When it comes to the organization, these experts become involved when pre-clinical toxicology research is initiated on drug candidates. It usually represents the first event in designing information under GLP or Good Lab Practice. From this point on, RA is involved in almost all aspects of product development through the commercialization phase. The department is also involved in all post-commercialization activities.
For instance, activities that greatly involve expansions of data to modify current labels on marketed goods, submissions of new indications, or Pharmacovigilance or post-marketing surveillance and new formulations of safety are part of this industry. The RA also plays a vital role in designing medical device regulatory affairs training courses, reviewing advertising or other communications that are used to narrate new products before, during, and after a Non-Disclosure Agreement.
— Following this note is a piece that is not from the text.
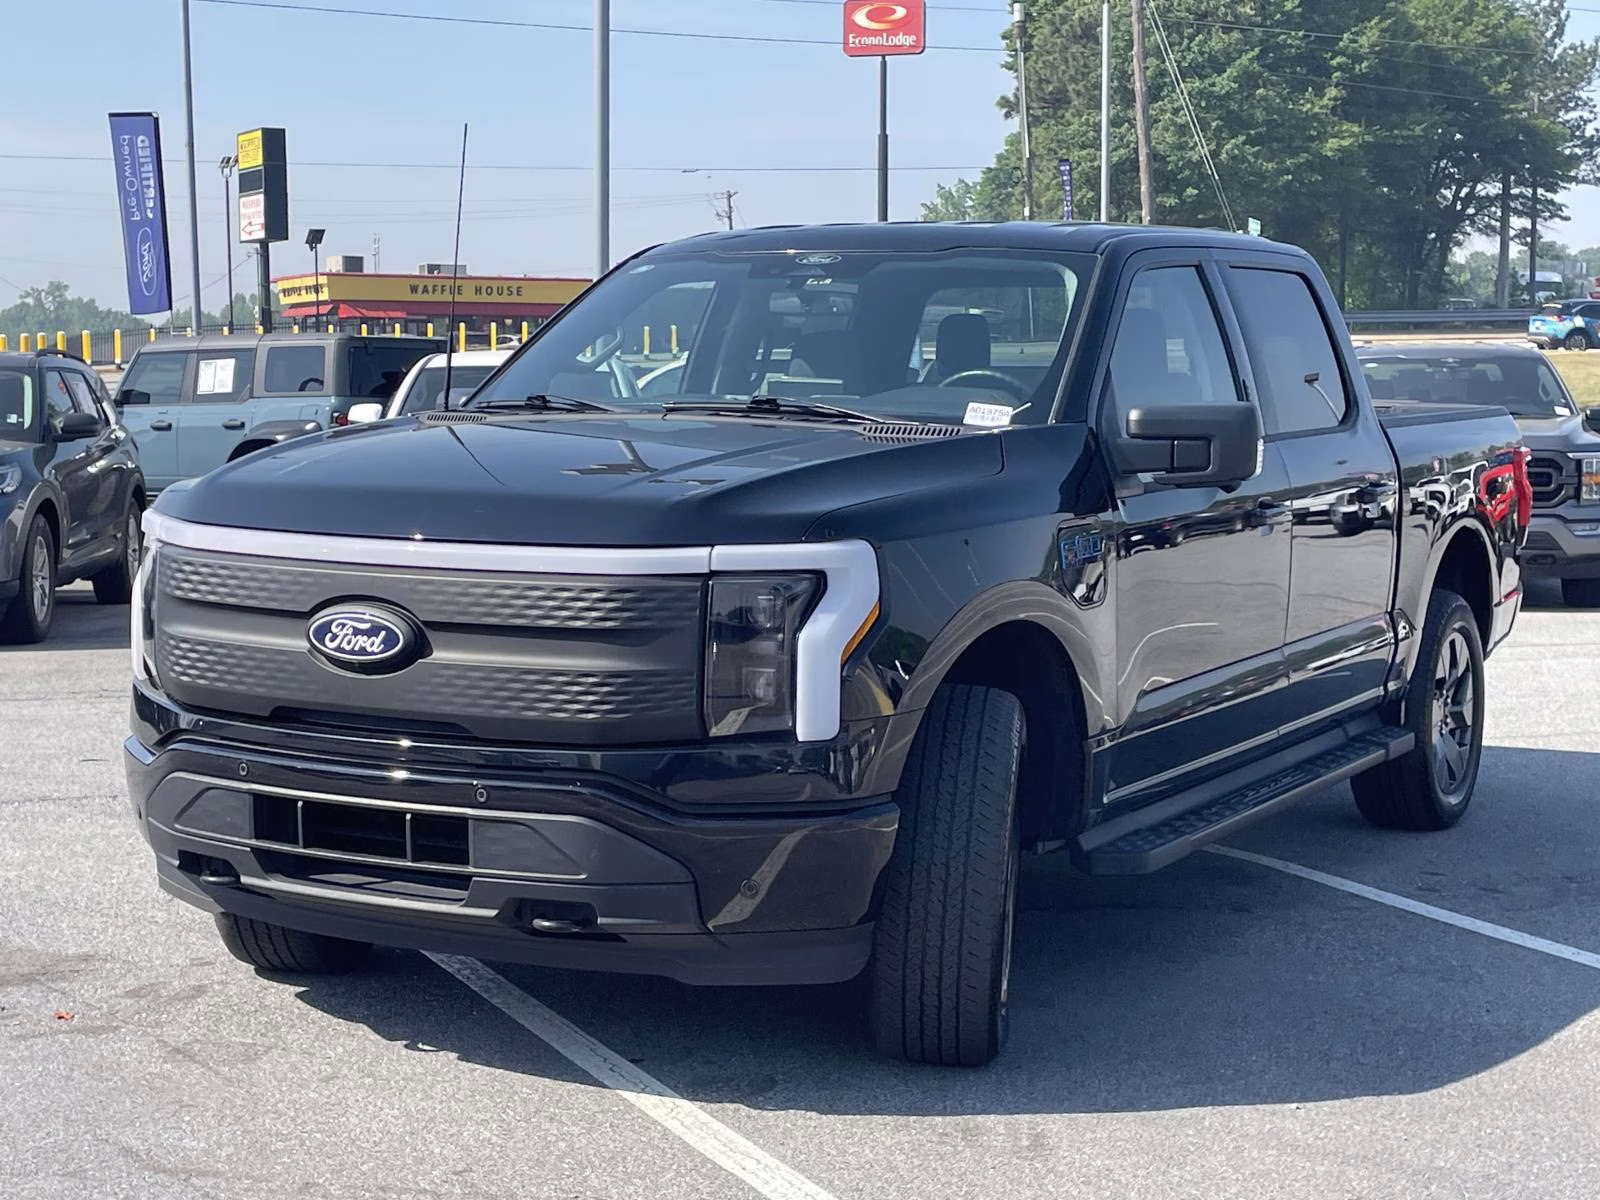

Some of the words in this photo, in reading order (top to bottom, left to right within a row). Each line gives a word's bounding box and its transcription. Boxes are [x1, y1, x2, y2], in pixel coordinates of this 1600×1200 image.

[409, 283, 464, 295] WAFFLE
[474, 285, 523, 296] HOUSE
[324, 618, 386, 653] Ford
Diverse job opportunities in the life sciences and biotechnology industry
Liaisons manage processes for working with teams, as well as interacting with health agencies like the International Conference of Harmonization of Tech Requirements for Registration of Pharma for Human Use or the Food and Drug Administration.
Not only that, there are a lot of other job opportunities like submitting and managing regulatory info, publishing, and document management. There is a shortage of trained and skilled RA professionals. Because of this, RA experts are in demand. It offers good job security, and the pay is pretty good because of the talent shortage.
The biotech and Biopharma industry is segregated into different therapeutic areas; RA experts also need to specialize. It can take a couple of years to learn the ins and outs of these areas, like large and small molecules, neurosciences, oncology, new foods, molecular diagnostics, medical devices, gene and cell therapy, and infectious diseases.
Firms are desperate to hire personnel specializing in this industry and provide internships to fresh graduates and post-doctorate. They are also willing to train new recruits on the job. If a person is a detail-oriented professional, possesses good writing skills, as well as able to influence and manage a member of the team to write their sections, it is considered one of the most in-demand careers today.